Hunters in much of Cumberland County, Michaux State Forest and down to the Maryland border will be spending a little less time thinking and planning to shoot deer, because more consideration will have to be given to what they’ll do after the deer is down.
Disease Management Area 2 has been extended from Somerset County all the way eastward to the mid-point of Adams County as the Pennsylvania Game Commission adjusts strategy to contain Chronic Wasting Disease lethal to whitetails.
DMA 2 now includes parts of Adams, Bedford, Blair, Cambria, Clearfield, Cumberland, Franklin, Fulton, Huntingdon and Somerset counties.
Hunters who take deer within DMA2 will not be able to transport their carcasses outside of the restricted area, unless it is to an approved meat processor. The commission maintains a list of butchers permitted to dispose of the contagious, high risk parts, which include brain and spinal matter.
Hunters will be giving at least that much thought as to what to do after the shot. For some, the routine will have to change. I was able to get the buck taken in western Adams County last year to my home in Mechanicsburg for skinning and caping.
Considering this piece of my hunting ground now falls within the expanded DMA2, deer from there won’t be going home with me any longer.
Deer processors also feel the effects of CWD restrictions.
The butcher I traditionally use when not preparing a head for the taxidermist is in western Adams County. After DMA1 was established east of Gettysburg to the Susquehanna, he noticed a downturn in business. Those carcasses simply could not be taken out of DMA1 to his shop.
Deer from what was DMA1 may return to this butcher because DMA1 and its restrictions have just been dissolved because CWD hasn’t been found there in five years.
Specifically, DMA2 begins in the southeast at the Maryland border and follows state Route 134 (Taneytown Road) north to Steinwehr Avenue in Gettysburg. It follows state Route 34 to state Route 94, to state Route 174, to U.S. Route 11 in Shippensburg. From Route 11 the line follows state Route 533 to state Route 433 in Orrstown, then to state Route 997, to state Route 641. From 641, it follows to U.S. Route 522 near Shade Gap, to state Route 994 in Orbisonia, then to state Route 655 to the intersection of U.S. Route 22.
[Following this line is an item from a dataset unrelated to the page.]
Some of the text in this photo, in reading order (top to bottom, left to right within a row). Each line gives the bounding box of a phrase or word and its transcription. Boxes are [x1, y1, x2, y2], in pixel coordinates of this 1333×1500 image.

It follows U.S. Route 22 to state Route 453, to state Route 253 and to state Route 53 in Van Ormer. From there it goes from Marina Road to Glendale Lake Road, to state Route 36 west into Patton, then straight onto Magee Avenue. It follows Magee Avenue to 5th Avenue and then Mellon Avenue to Carroll Road. Carroll Road to state Route 219 in Carrolltown, to state Route 56, to state Route 160 and then state Route 2030 (Main Street) near Berlin. The loop finishes onward to state Route 219, south to the Maryland border.
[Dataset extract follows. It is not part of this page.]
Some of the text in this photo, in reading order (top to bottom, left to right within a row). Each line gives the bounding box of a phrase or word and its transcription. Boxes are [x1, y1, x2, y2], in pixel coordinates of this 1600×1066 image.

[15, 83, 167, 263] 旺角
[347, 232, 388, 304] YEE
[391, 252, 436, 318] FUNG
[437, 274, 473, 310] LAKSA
Within DMA 2, two new Deer Management Assistance Program units have been created to focus hunter effort in areas where multiple CWD-positive deer have been found. DMAP directions and a full range of CWD info are available at the Commission website, www.pgc.pa.gov.
DMA 2 is the only area of the state where CWD has been detected in free-ranging deer. Twenty-five free-ranging deer tested positive for CWD there in 2016. From 2012 to 2015, 22 free-ranging CWD-positive deer were detected in DMA 2.
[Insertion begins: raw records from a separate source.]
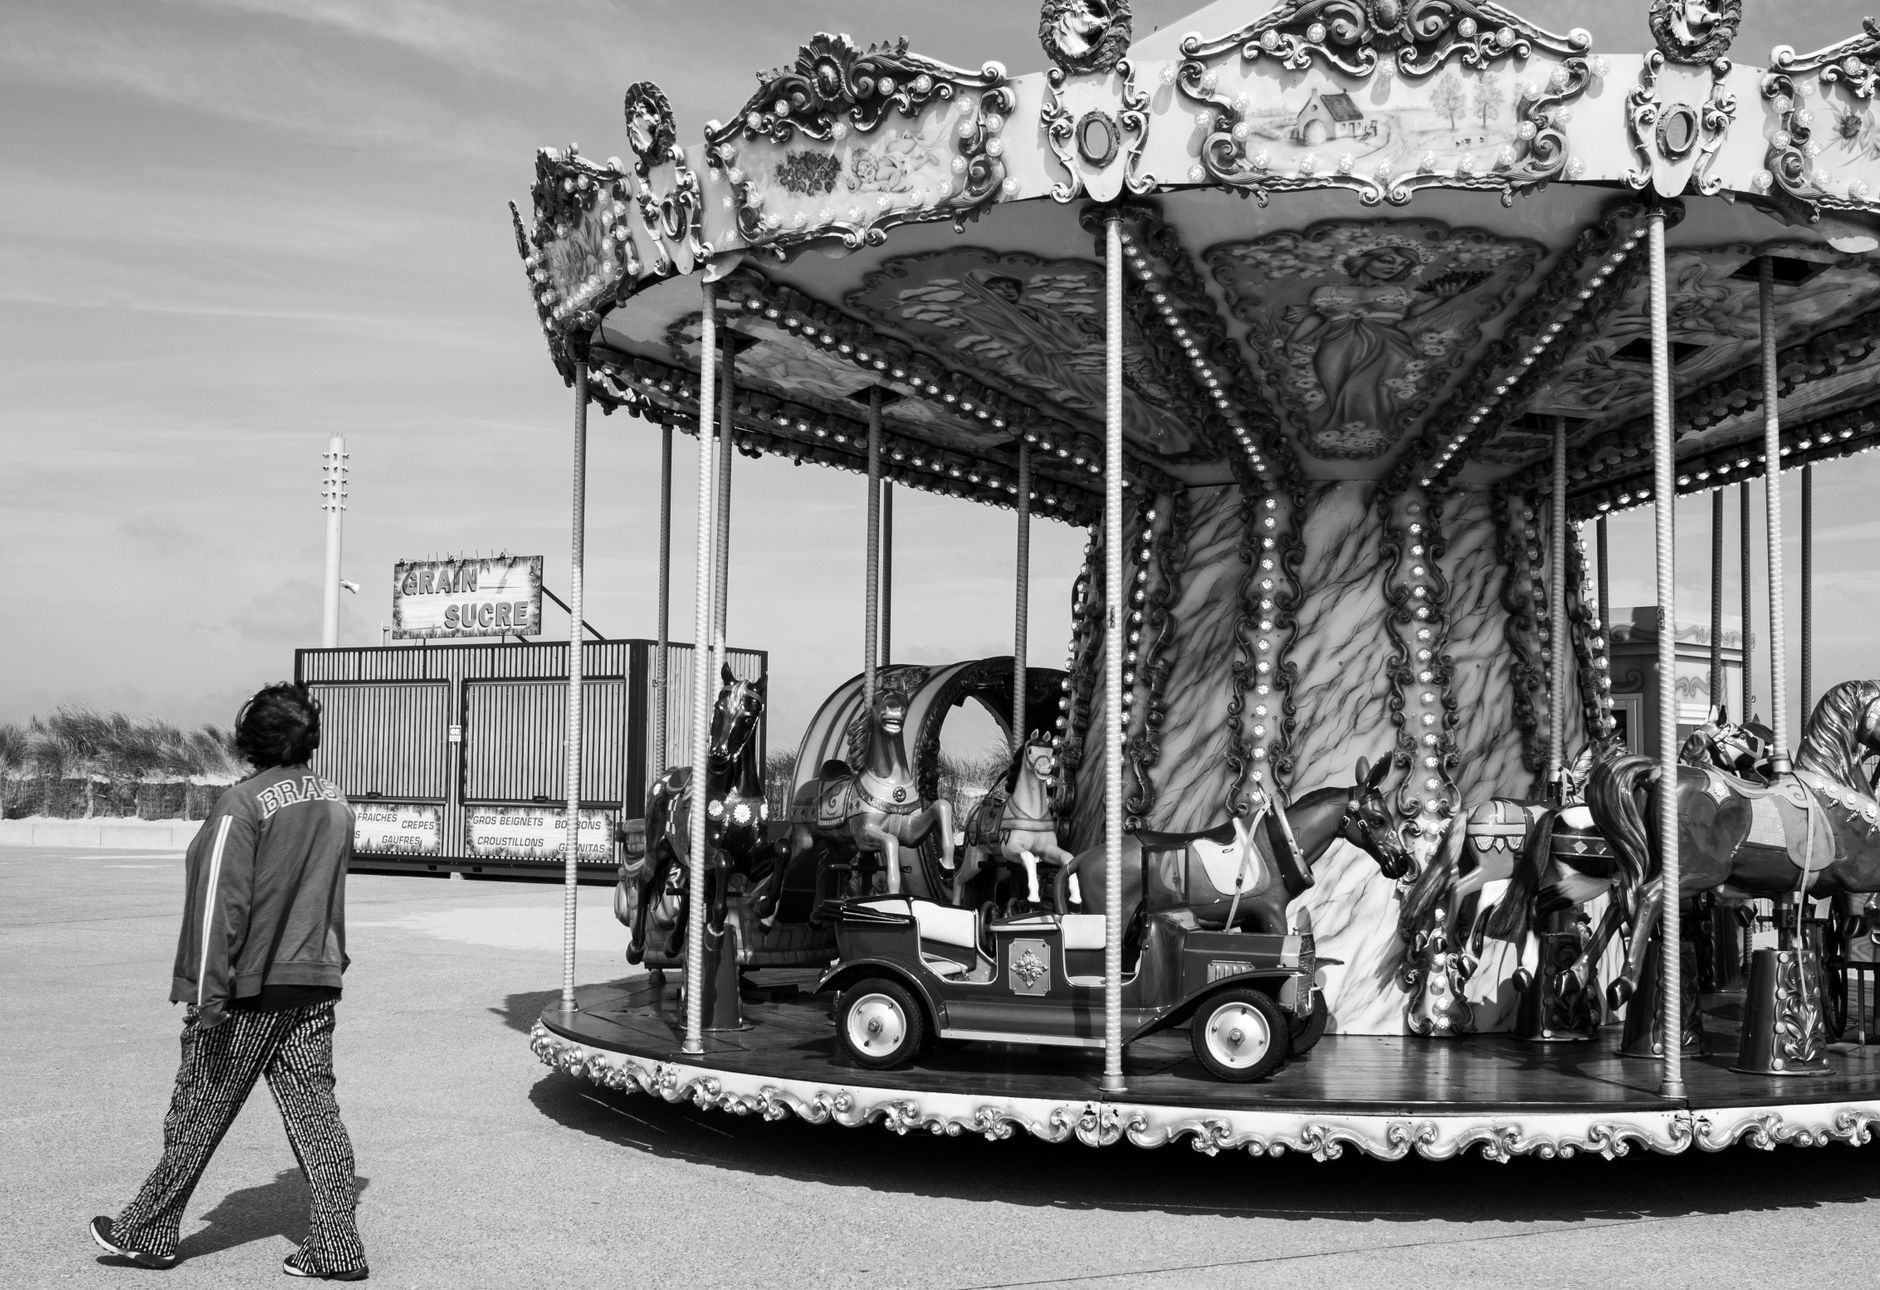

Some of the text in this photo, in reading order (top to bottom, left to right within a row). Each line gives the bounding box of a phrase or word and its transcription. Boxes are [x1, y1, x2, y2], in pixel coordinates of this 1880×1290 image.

[402, 567, 477, 596] GRAIN
[444, 601, 529, 629] SUCRE
[256, 775, 346, 819] BRAS
[357, 812, 398, 822] FRAICHES
[472, 815, 544, 827] GROS BEIGNETS
[401, 820, 435, 830] CREPES
[554, 819, 602, 830] BOSONS
[381, 835, 421, 845] GAUFRES
[477, 836, 544, 847] CROUSTILLONS
[558, 842, 606, 853] GNITAS
The disease has since been detected on three additional captive deer facilities, including a Franklin County facility in Fayetteville, 25 miles east of the previous DMA 2 boundary. The Fayetteville discovery is a trigger for DMA2’s expansion eastward.
All deer killed within DMA2 are subject to testing and it may require hunters to present the deer or parts for exam and sampling at a prescribed location, announced before the hunting season. Testing will be paid for by the commission. No concrete plans for that have been announced.
Life within DMA2 will be a little different for not just deer hunters. Licenses went on sale last Monday, by the way. Hunters won’t be able to use deer-based attractant scents.
Feeding whitetails is prohibited within DMA2. It causes the animals to congregate and creates an ideal scenario for CWD to be spread, if present.
It also isn’t legal to pick up and take a roadkilled deer found within DMA2, outside of the management area, unless approved by the commission.
There is also a ban on the import of high-risk cervid parts into the Commonwealth
So, success could mean a slight break in routine. But deer hunters in DMA2 can be glad there is still a healthy herd to hunt there. Those small inconveniences could help to ensure that’s the case many years from now.